Konkurrenz für Al-Jazeera
"Al-Hurra" ist die ambitionierteste Medienoffensive der USA seit Gründung der "Voice of America" vor über sechzig Jahren. 62 Millionen Dollar haben die USA für den neuen Satellitenkanal im ersten Jahr zur Verfügung gestellt. "Al-Hurra" produziert seine Programme in der Nähe von Washington. Dem Publikum im Irak und seinen arabischen Nachbarländern soll er ein unzensiertes, objektives und demokratiefreundliches Informationsprogramm liefern.
Nichts als Propaganda?
Laut US-Präsident George W. Bush geht es darum, "die hasserfüllte Propaganda zu zerstreuen, die in der muslimischen Welt den Äther füllt". Die USA werfen zum Beispiel dem Sender "Al-Jazeera" antiamerikanische Tendenzen vor, die nun mit "Al-Hurra" bekämpft werden sollen. Die Wirksamkeit dieses Programmauftrags wird vor Ort allerdings angezweifelt.
Unerwünschte, ja gefährliche Propaganda erwartet Dschamil Abu Bakr von der Islamischen Aktionsfront, der politischen Vertretung der Muslimischen Bruderschaft in Jordanien. Die USA wollten nur die Wertvorstellungen der arabischen Welt aushöhlen.

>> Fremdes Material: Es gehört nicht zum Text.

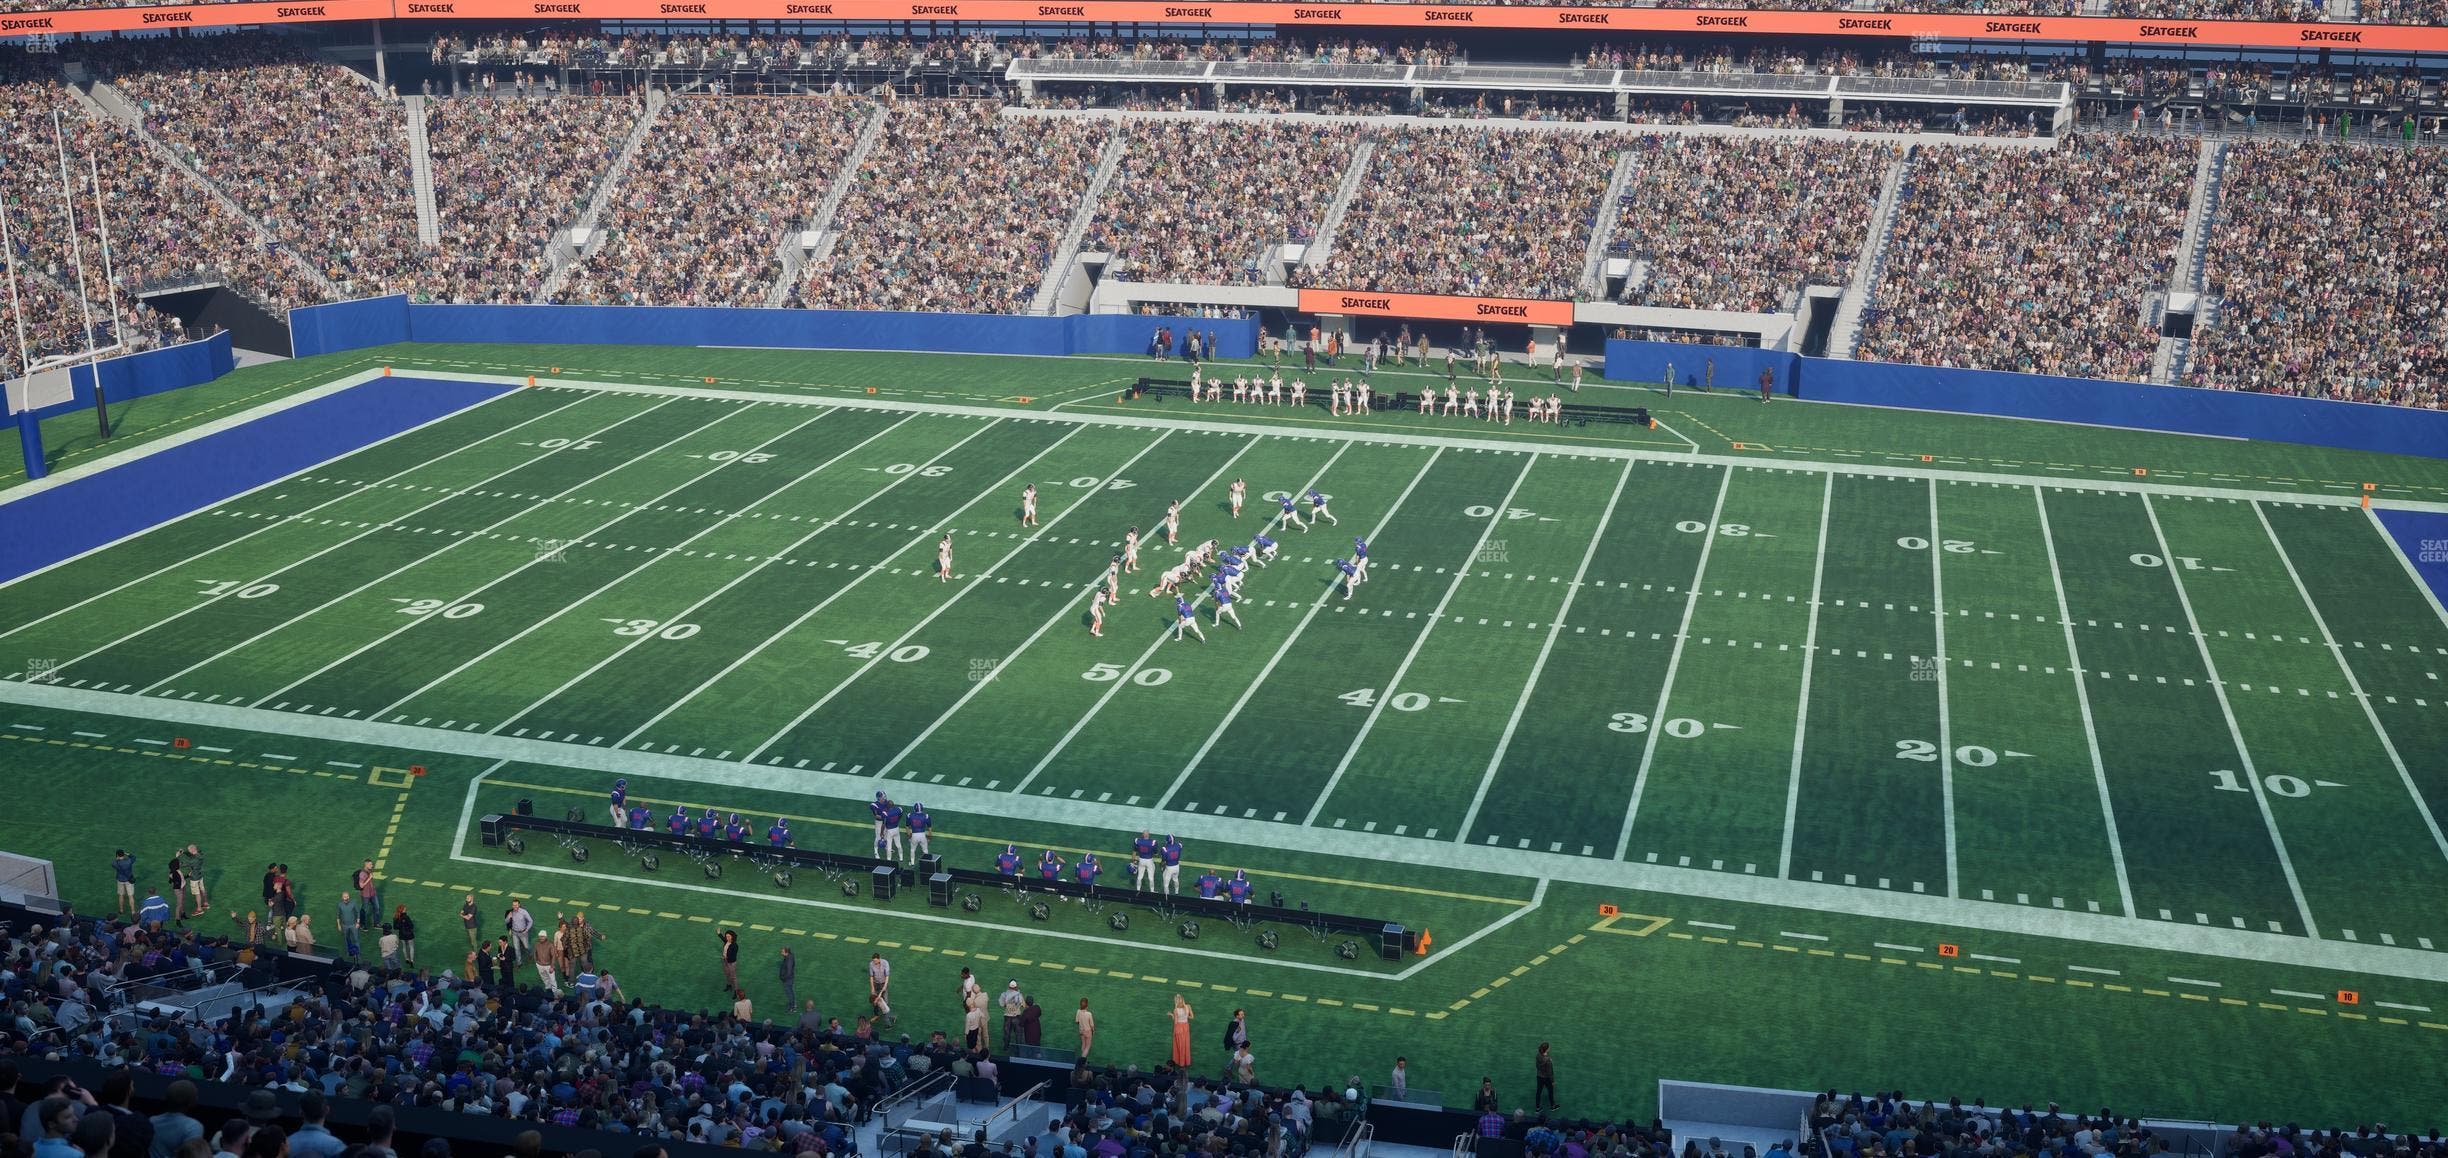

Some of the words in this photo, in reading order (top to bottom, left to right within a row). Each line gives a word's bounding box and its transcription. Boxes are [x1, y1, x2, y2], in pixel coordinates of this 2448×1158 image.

[277, 6, 326, 18] SEATGEEK
[408, 3, 454, 14] SEATGEEK
[534, 3, 581, 14] SEATGEEK
[660, 3, 707, 14] SEATGEEK
[786, 4, 833, 14] SEATGEEK
[911, 5, 958, 15] SEATGEEK
[1038, 5, 1085, 17] SEATGEEK
[1165, 7, 1212, 18] SEATGEEK
[1294, 8, 1342, 20] SEATGEEK
[142, 11, 193, 24] SEATGEEK
[1425, 10, 1473, 22] SEATGEEK
[1559, 12, 1609, 24] SEATGEEK
[1696, 15, 1748, 27] SEATGEEK
[0, 17, 54, 31] SEATGEEK
[1838, 18, 1892, 31] SEATGEEK
[1985, 21, 2041, 34] SEATGEEK
[2139, 25, 2198, 39] SEATGEEK
[2300, 29, 2362, 43] SEATGEEK
[1341, 296, 1391, 311] SEATGEEK
[1476, 303, 1528, 318] SEATGEEK
[539, 438, 602, 450] 10
[708, 450, 778, 463] 20
[884, 463, 953, 477] 30
[1069, 476, 1138, 490] 40
[1464, 505, 1536, 519] 40
[1675, 520, 1750, 537] 30
[1897, 536, 1975, 553] 20
[2129, 553, 2205, 570] 10
[197, 580, 280, 598] 10
[395, 599, 485, 619] 20
[613, 619, 701, 640] 30
[844, 641, 930, 662] 40
[1081, 662, 1173, 686] 50
[1338, 687, 1430, 712] 40
[1607, 712, 1706, 738] 30
[1895, 739, 1998, 767] 20
[2208, 769, 2312, 798] 10
[1604, 906, 1614, 914] 30
[1943, 946, 1954, 955] 20
[2344, 993, 2352, 1001] 10

Der Chefredakteur der in Libanon erscheinenden englischsprachigen Zeitung "The Daily Star", Rami Churi, sieht es ähnlich. Der neue Sender werde die Kluft zwischen Amerika und der arabischen Welt nur vergrößern. "Al Hurra" sei ein teures, aber letztlich irrelevantes Schwindelpaket.
Gegen den Strom
"Es wird eine Menge Leute geben, die davon ausgehen, dass wir nicht objektiv sind, dass wir das Sprachrohr der amerikanischen Regierung sind und Propganda machen", wirbt Verwaltungsratsmitglied Norman Pattiz um einen Vertrauensvorschuss. "Es wird also darauf ankommen, diese Hürde zu überspringen und unser Publikum davon zu überzeugen, dass wir die Demokratie fördern wollen durch eine unzensierte und genaue Berichterstattung."
Die bunte Schar aus arabischen und amerikanischen Mitarbeitern hat sich zum Ziel gesetzt, nicht nur ein visuell ansprechendes und zuverlässiges Nachrichtenprogramm zu machen, es soll auch anders sein als das, was man in der arabischen Welt bisher zu sehen bekommt. "Was Al-Jazeera und die anderen arabischen Satellitenprogramme senden, begrenzt sich im Grund genommen auf zwei Geschichten: auf den Irak und den israelisch-palästinensischen Konflikt", erklärt Pattiz. "So, als ob es keine anderen Dinge gäbe."
Irgendwie auch objektiv
Natürlich wird auch "Al-Hurra" der Situation im Irak besonderes Augenmerk schenken, schließlich wurden eigene Büros im Irak aus der 87-Milliarden-Dollar-Aufbauhilfe finanziert, die der US-Kongress im vergangenen Jahr für den Irak bewilligte. Und natürlich geht es auch darum, positive Nachrichten über den Wiederaufbau des Landes zu verbreiten. Doch nicht nur.
Auch die nicht gefundenen irakischen Massenvernichtunsgwaffen wären dem Sender eine "Story" wert, sagt der im Libanon geborene Nachrichtenchef Moufak Harb. "Wir würden darüber berichten, ob es uns nun gefällt oder nicht. Schließlich hat die Geschichte Nachrichtenwert", sagt er. "Aber ich würde in den Irak fahren und Opfer des Giftgasangriffs im kurdischen Halabdscha aufsuchen und ihre Brandwunden zeigen. Wir würden das Thema von allen Seiten beleuchten", stellt er klar.
Gegen den Strom
Für Moufak Harb, der voher für die in London erscheinende arabische Tageszeitung "Al-Hayat" gearbeitet hat, war die bessere Bezahlung nicht der entscheidende Grund, bei dem neuen Sender anzuheuern. Er sieht in "Al-Hurra" vor allem die Chance, in der arabischen Welt mit einem klassischen Vorurteil aufzuräumen.
"Immer, wenn über arabische Angelegenheiten berichtet wird, besteht die gefährliche Tendenz, die USA für alles, was dort schief läuft, verantwortlich zu machen", so Harb. "Immer wird von den arabischen Politikern diese Verschwörungstheorie ins Feld gebracht. In den Medien ist das kaum anders." Das zu ändern, ist erklärtes Ziel von "Al-Hurra". Der Sender ist Teil der Strategie Washingtons für eine Demokratisierung der arabischen Welt. Aber ob er dem arabischen Raum mehr Pressefreiheit bringen wird?!